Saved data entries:
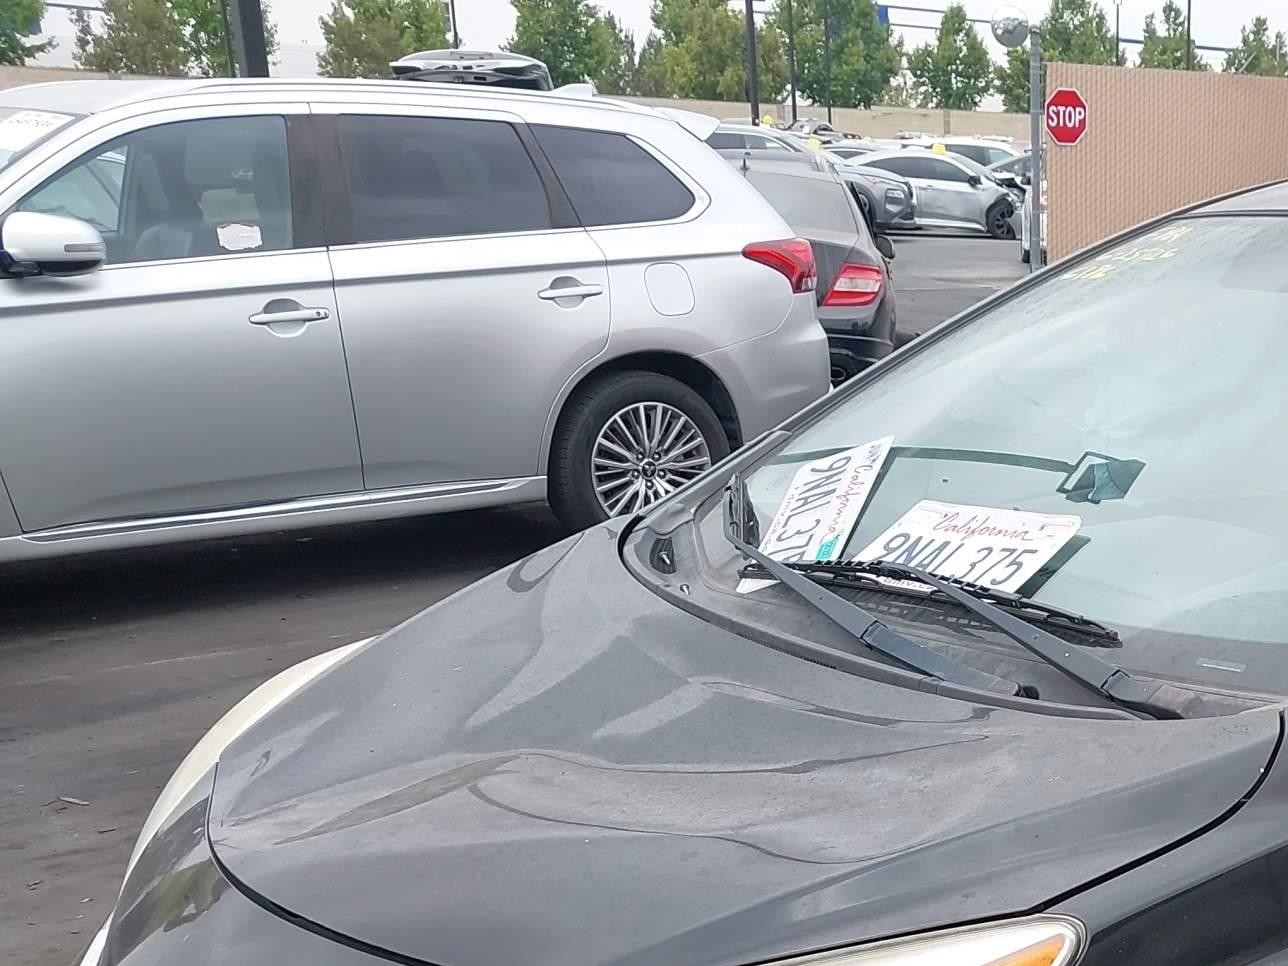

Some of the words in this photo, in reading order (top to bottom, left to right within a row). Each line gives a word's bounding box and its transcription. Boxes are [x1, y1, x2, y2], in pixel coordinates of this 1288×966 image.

[1048, 105, 1085, 128] STOP
[819, 464, 873, 545] California
[932, 511, 1034, 542] California
[872, 532, 1039, 586] 9NAL375

Task instructions: Your copy should match the data above exactly, apart from the pictures.

Your response:
Some of the words in this photo, in reading order (top to bottom, left to right within a row). Each line gives a word's bounding box and its transcription. Boxes are [x1, y1, x2, y2], in pixel coordinates of this 1288×966 image.

[1048, 105, 1085, 128] STOP
[819, 464, 873, 545] California
[932, 511, 1034, 542] California
[872, 532, 1039, 586] 9NAL375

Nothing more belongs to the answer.